[[ Records for this exercise open ]]

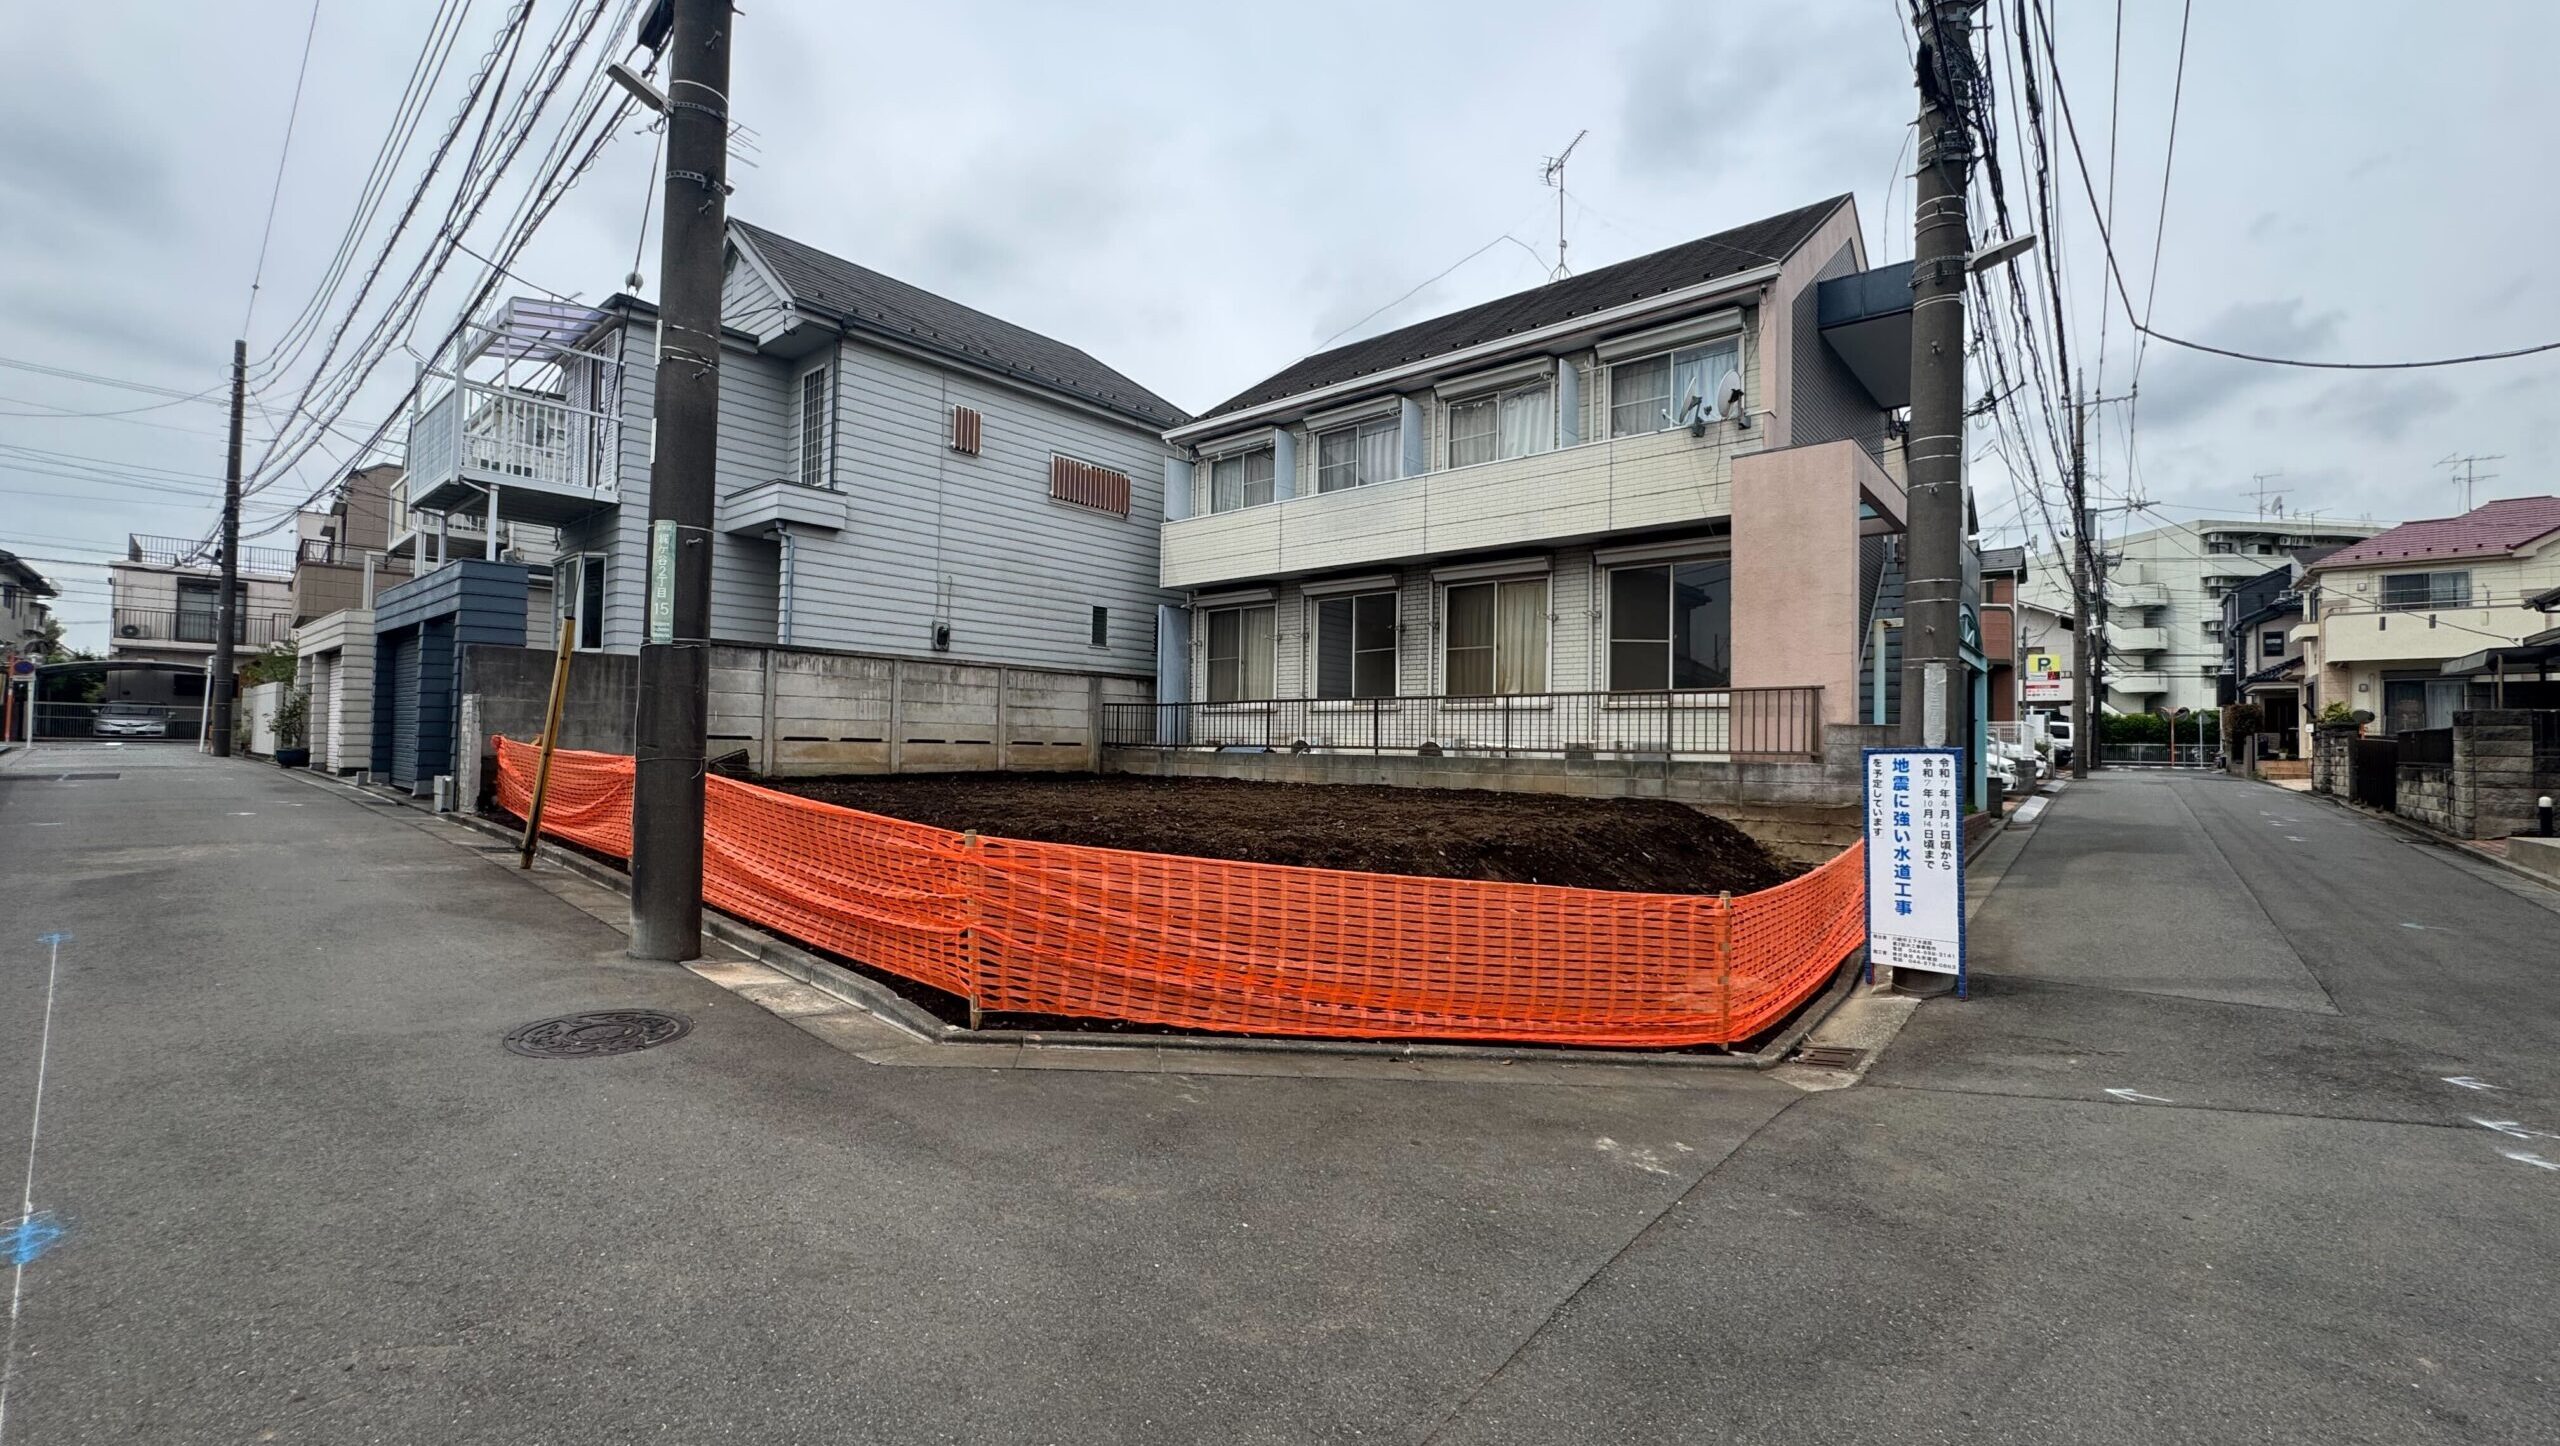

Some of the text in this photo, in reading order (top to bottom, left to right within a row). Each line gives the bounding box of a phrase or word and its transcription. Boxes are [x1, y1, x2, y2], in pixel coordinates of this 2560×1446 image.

[654, 602, 669, 616] 15
[2038, 658, 2051, 671] P
[1872, 758, 1883, 837] を予定しています
[1892, 758, 1912, 916] 地震に強い水道工事
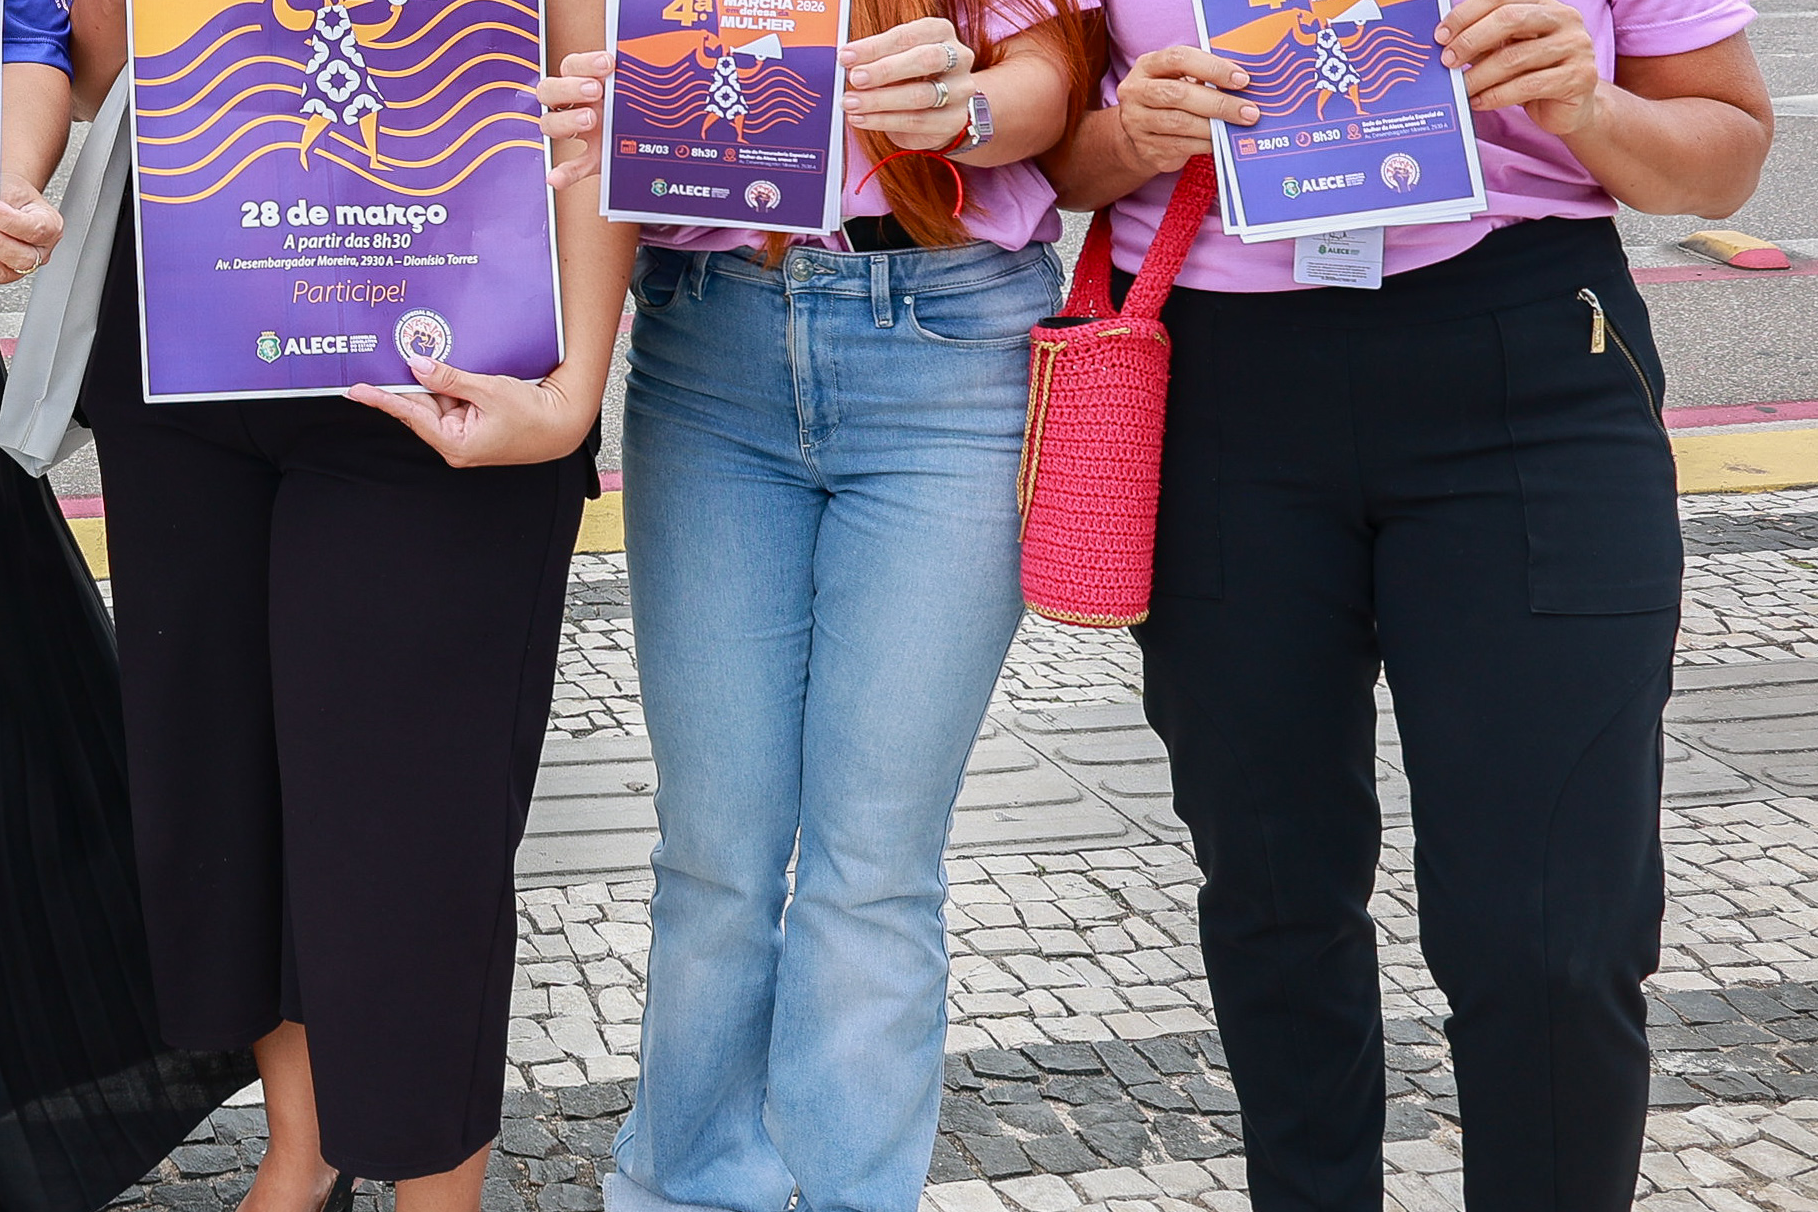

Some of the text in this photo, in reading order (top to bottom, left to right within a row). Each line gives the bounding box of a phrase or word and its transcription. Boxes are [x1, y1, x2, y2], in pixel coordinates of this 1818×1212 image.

[796, 0, 826, 13] 2026
[720, 16, 796, 32] MULHER
[1257, 136, 1290, 151] 28/03
[1312, 128, 1341, 143] 8h30
[638, 143, 669, 155] 28/03
[691, 147, 718, 159] 8h30
[668, 184, 711, 198] ALECE
[1301, 175, 1346, 193] ALECE
[240, 198, 449, 234] 28 de março
[283, 232, 412, 253] A partir das 8h30
[215, 258, 232, 271] Av.
[232, 255, 316, 271] Desembargador
[317, 255, 359, 268] Moreira,
[360, 255, 385, 267] 2930
[385, 255, 395, 267] A
[403, 254, 446, 266] Dionísio
[446, 253, 479, 266] Torres
[292, 279, 407, 308] Participe!
[284, 336, 349, 356] ALECE
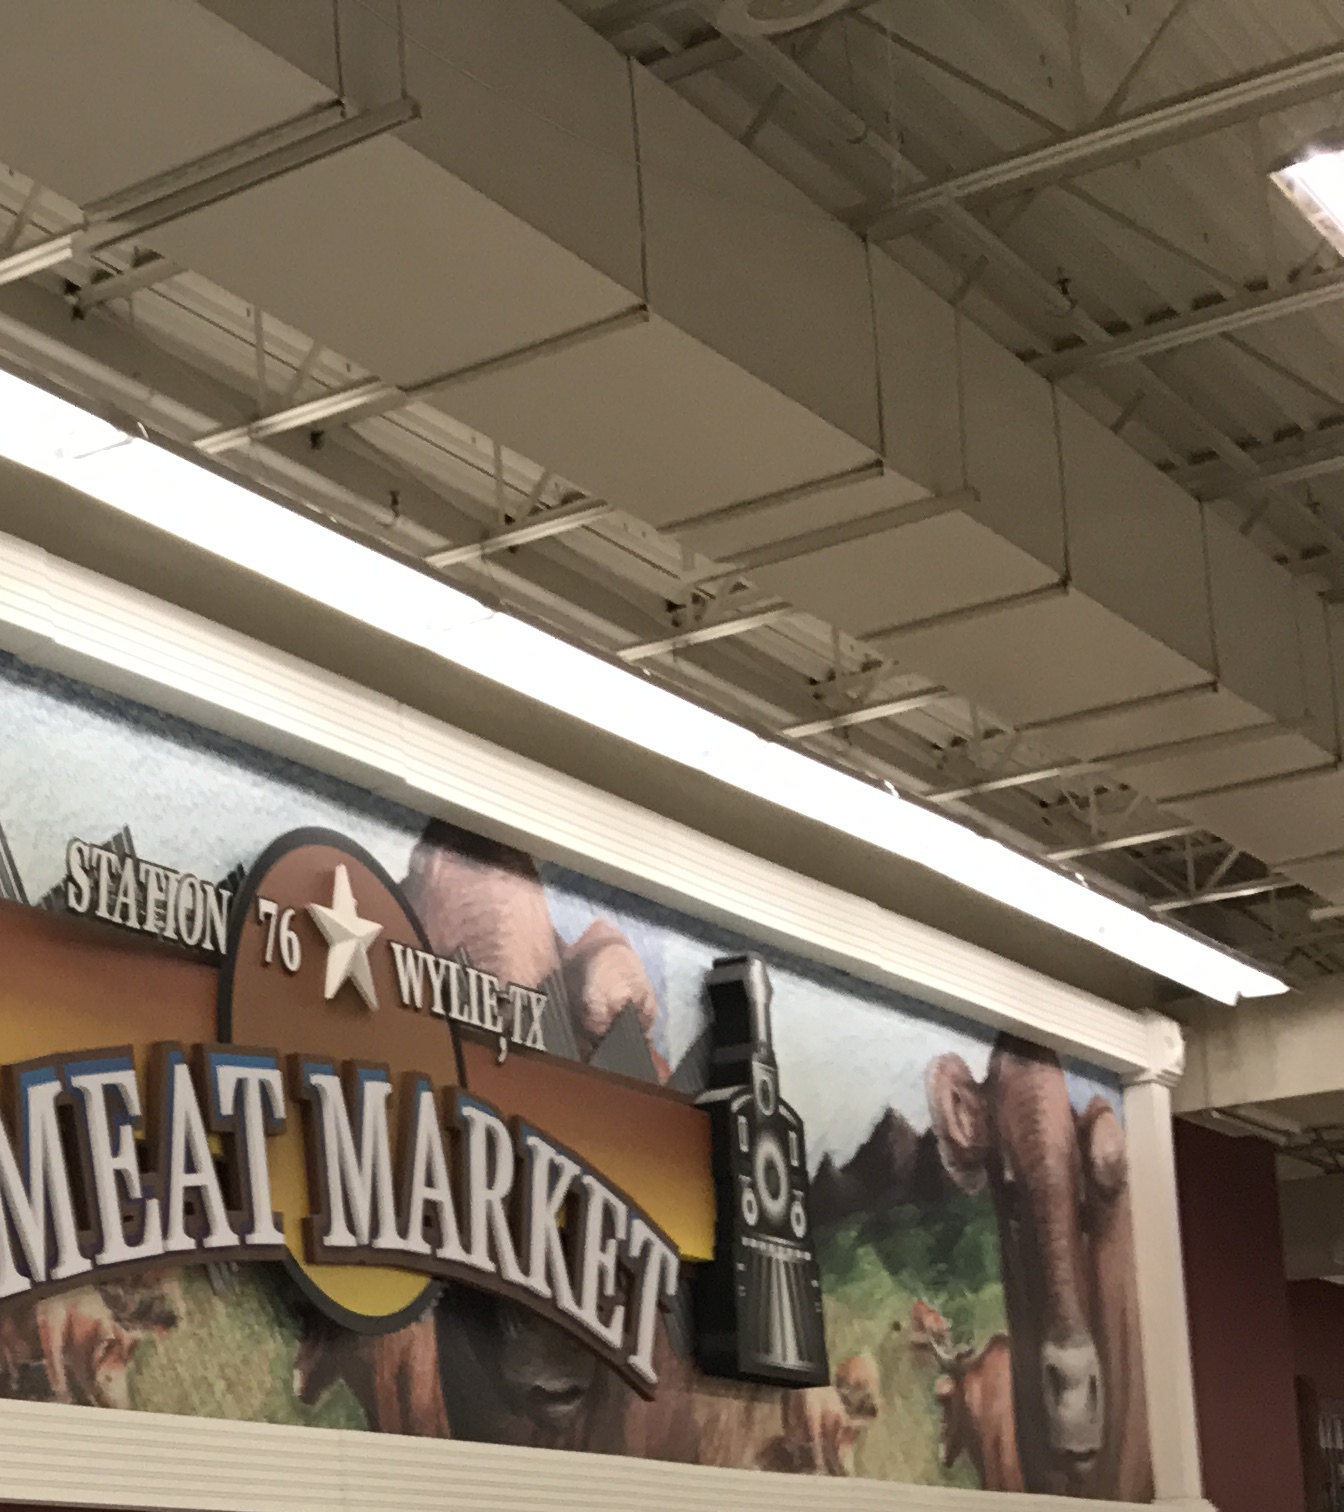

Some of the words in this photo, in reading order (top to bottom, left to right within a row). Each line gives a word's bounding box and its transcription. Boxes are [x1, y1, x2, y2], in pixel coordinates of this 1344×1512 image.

[[ Records for this exercise closed ]]

• **What is needed**:
Copy all the entries word for word. Omit any pictures.

• **Result of this exercise**:
Some of the text in this photo, in reading order (top to bottom, left to right within a row). Each line gives the bounding box of a phrase or word and its transcription. Boxes are [x1, y1, x2, y2], in pixel coordinates of this 2560×1446 image.

[654, 602, 669, 616] 15
[2038, 658, 2051, 671] P
[1872, 758, 1883, 837] を予定しています
[1892, 758, 1912, 916] 地震に強い水道工事

Some of the text in this photo, in reading order (top to bottom, left to right within a row). Each line gives the bounding box of a phrase or word and its transcription. Boxes are [x1, y1, x2, y2], in pixel coordinates of this 1818×1212 image.

[796, 0, 826, 13] 2026
[720, 16, 796, 32] MULHER
[1257, 136, 1290, 151] 28/03
[1312, 128, 1341, 143] 8h30
[638, 143, 669, 155] 28/03
[691, 147, 718, 159] 8h30
[668, 184, 711, 198] ALECE
[1301, 175, 1346, 193] ALECE
[240, 198, 449, 234] 28 de março
[283, 232, 412, 253] A partir das 8h30
[215, 258, 232, 271] Av.
[232, 255, 316, 271] Desembargador
[317, 255, 359, 268] Moreira,
[360, 255, 385, 267] 2930
[385, 255, 395, 267] A
[403, 254, 446, 266] Dionísio
[446, 253, 479, 266] Torres
[292, 279, 407, 308] Participe!
[284, 336, 349, 356] ALECE

Some of the words in this photo, in reading order (top to bottom, left to right within a row). Each line gives a word's bounding box and its transcription. Boxes are [x1, y1, x2, y2], in pixel coordinates of this 1344×1512 image.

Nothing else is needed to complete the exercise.